(Free-text object descriptions)
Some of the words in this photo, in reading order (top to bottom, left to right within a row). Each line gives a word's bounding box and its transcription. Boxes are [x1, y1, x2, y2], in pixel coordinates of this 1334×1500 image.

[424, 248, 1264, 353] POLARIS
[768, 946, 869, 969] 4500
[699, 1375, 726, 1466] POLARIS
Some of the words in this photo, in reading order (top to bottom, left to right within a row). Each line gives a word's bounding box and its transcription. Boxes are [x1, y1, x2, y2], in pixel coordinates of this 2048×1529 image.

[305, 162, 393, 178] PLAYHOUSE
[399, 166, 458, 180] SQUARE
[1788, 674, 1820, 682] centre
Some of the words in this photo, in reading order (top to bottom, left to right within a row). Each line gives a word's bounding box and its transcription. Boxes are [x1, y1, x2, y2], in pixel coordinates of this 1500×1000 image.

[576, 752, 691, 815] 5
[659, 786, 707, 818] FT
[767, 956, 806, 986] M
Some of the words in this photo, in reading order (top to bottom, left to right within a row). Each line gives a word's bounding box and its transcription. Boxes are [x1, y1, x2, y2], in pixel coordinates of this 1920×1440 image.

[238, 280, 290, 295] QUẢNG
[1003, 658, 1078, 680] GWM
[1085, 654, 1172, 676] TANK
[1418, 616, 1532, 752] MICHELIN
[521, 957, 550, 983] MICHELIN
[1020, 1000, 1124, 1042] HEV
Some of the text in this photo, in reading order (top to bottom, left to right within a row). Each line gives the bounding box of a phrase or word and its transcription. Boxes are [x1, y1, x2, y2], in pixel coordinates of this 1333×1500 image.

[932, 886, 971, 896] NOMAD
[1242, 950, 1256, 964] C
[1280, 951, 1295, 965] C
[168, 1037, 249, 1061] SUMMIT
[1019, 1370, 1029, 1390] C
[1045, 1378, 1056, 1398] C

Exercise details:
Every entry must appear again in the answer, exactly as written.

Response:
Some of the words in this photo, in reading order (top to bottom, left to right within a row). Each line gives a word's bounding box and its transcription. Boxes are [x1, y1, x2, y2], in pixel coordinates of this 1334×1500 image.

[424, 248, 1264, 353] POLARIS
[768, 946, 869, 969] 4500
[699, 1375, 726, 1466] POLARIS
Some of the words in this photo, in reading order (top to bottom, left to right within a row). Each line gives a word's bounding box and its transcription. Boxes are [x1, y1, x2, y2], in pixel coordinates of this 2048×1529 image.

[305, 162, 393, 178] PLAYHOUSE
[399, 166, 458, 180] SQUARE
[1788, 674, 1820, 682] centre
Some of the words in this photo, in reading order (top to bottom, left to right within a row). Each line gives a word's bounding box and its transcription. Boxes are [x1, y1, x2, y2], in pixel coordinates of this 1500×1000 image.

[576, 752, 691, 815] 5
[659, 786, 707, 818] FT
[767, 956, 806, 986] M
Some of the words in this photo, in reading order (top to bottom, left to right within a row). Each line gives a word's bounding box and its transcription. Boxes are [x1, y1, x2, y2], in pixel coordinates of this 1920×1440 image.

[238, 280, 290, 295] QUẢNG
[1003, 658, 1078, 680] GWM
[1085, 654, 1172, 676] TANK
[1418, 616, 1532, 752] MICHELIN
[521, 957, 550, 983] MICHELIN
[1020, 1000, 1124, 1042] HEV
Some of the text in this photo, in reading order (top to bottom, left to right within a row). Each line gives the bounding box of a phrase or word and its transcription. Boxes are [x1, y1, x2, y2], in pixel coordinates of this 1333×1500 image.

[932, 886, 971, 896] NOMAD
[1242, 950, 1256, 964] C
[1280, 951, 1295, 965] C
[168, 1037, 249, 1061] SUMMIT
[1019, 1370, 1029, 1390] C
[1045, 1378, 1056, 1398] C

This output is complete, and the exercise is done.